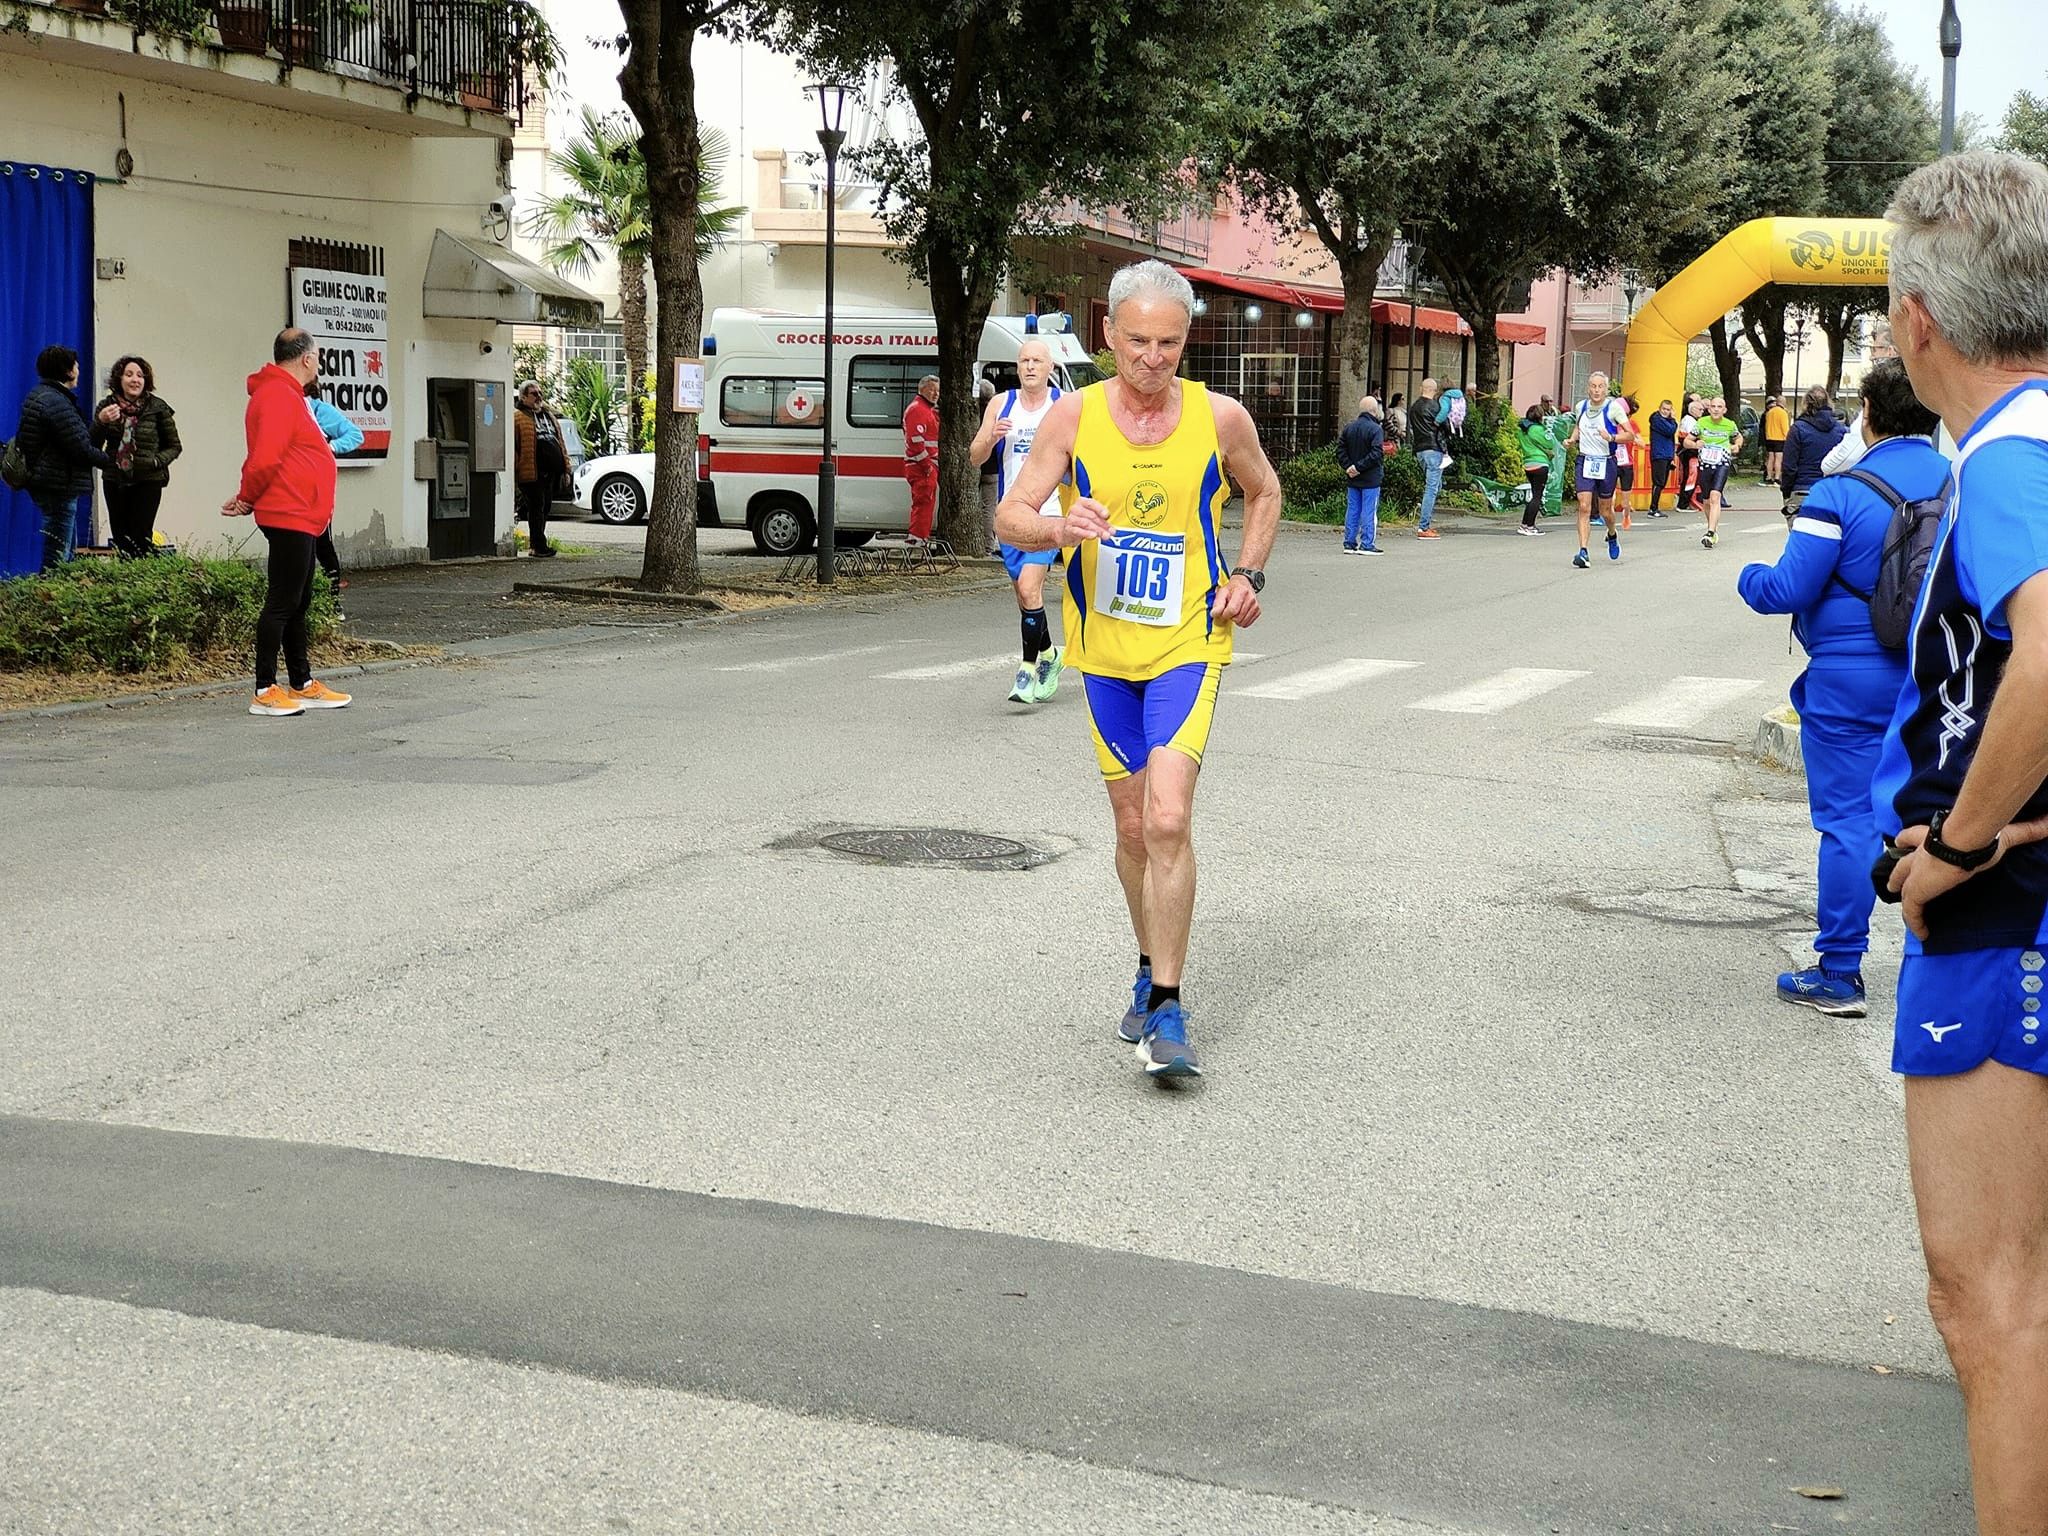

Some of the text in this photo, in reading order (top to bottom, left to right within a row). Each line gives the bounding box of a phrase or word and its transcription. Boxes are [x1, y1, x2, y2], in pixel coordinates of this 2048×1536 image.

[1842, 258, 1877, 267] UNIONE
[1842, 267, 1870, 275] SPORT
[777, 334, 826, 344] CROCE
[832, 334, 883, 345] ROSSA
[318, 347, 356, 377] san
[319, 382, 388, 412] marco
[1115, 552, 1170, 602] 103
┄┄┄┄┄┄┄┄┄┄
• _Work request_: Write out the whole listing exactly. Pictures stay out.

• _Response area_:
Some of the text in this photo, in reading order (top to bottom, left to right within a row). Each line gives the bounding box of a phrase or word and its transcription. Boxes are [x1, y1, x2, y2], in pixel coordinates of this 2048×1536 image.

[1842, 258, 1877, 267] UNIONE
[1842, 267, 1870, 275] SPORT
[777, 334, 826, 344] CROCE
[832, 334, 883, 345] ROSSA
[318, 347, 356, 377] san
[319, 382, 388, 412] marco
[1115, 552, 1170, 602] 103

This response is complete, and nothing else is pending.